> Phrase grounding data
------------------------------------------------------------------------
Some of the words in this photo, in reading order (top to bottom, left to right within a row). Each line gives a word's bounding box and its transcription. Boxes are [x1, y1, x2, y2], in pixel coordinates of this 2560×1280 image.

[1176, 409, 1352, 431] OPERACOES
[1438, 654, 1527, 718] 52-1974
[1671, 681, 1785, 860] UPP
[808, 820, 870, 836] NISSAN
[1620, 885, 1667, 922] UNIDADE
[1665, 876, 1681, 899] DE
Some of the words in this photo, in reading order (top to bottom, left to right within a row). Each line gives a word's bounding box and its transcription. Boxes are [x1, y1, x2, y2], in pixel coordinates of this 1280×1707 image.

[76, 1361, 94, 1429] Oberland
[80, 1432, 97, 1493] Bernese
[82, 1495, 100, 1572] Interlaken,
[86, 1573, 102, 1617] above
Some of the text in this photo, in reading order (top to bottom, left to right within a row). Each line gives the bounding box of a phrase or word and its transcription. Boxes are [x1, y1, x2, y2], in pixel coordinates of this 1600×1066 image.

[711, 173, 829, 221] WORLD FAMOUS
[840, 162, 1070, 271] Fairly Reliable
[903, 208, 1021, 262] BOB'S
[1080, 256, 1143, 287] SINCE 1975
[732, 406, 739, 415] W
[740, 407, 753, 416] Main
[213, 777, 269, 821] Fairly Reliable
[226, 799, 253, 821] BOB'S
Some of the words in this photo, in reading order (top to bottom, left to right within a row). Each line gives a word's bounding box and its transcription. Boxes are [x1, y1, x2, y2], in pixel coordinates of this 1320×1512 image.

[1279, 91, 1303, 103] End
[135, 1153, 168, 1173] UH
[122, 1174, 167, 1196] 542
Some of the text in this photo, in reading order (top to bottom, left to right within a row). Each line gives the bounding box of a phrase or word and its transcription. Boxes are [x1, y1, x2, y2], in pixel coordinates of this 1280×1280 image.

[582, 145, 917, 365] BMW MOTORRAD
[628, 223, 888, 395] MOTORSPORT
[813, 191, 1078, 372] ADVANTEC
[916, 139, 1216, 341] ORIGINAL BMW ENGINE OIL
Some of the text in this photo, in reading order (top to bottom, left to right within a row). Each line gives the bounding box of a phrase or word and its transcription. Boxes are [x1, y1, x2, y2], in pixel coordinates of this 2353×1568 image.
------------------------------------------------------------------------
The answer must be exactly the lines from the one containing "this 1320×1512 image." through the final line of the data, both ends included, and nothing else.

> FINAL ANSWER
Some of the words in this photo, in reading order (top to bottom, left to right within a row). Each line gives a word's bounding box and its transcription. Boxes are [x1, y1, x2, y2], in pixel coordinates of this 1320×1512 image.

[1279, 91, 1303, 103] End
[135, 1153, 168, 1173] UH
[122, 1174, 167, 1196] 542
Some of the text in this photo, in reading order (top to bottom, left to right within a row). Each line gives the bounding box of a phrase or word and its transcription. Boxes are [x1, y1, x2, y2], in pixel coordinates of this 1280×1280 image.

[582, 145, 917, 365] BMW MOTORRAD
[628, 223, 888, 395] MOTORSPORT
[813, 191, 1078, 372] ADVANTEC
[916, 139, 1216, 341] ORIGINAL BMW ENGINE OIL
Some of the text in this photo, in reading order (top to bottom, left to right within a row). Each line gives the bounding box of a phrase or word and its transcription. Boxes are [x1, y1, x2, y2], in pixel coordinates of this 2353×1568 image.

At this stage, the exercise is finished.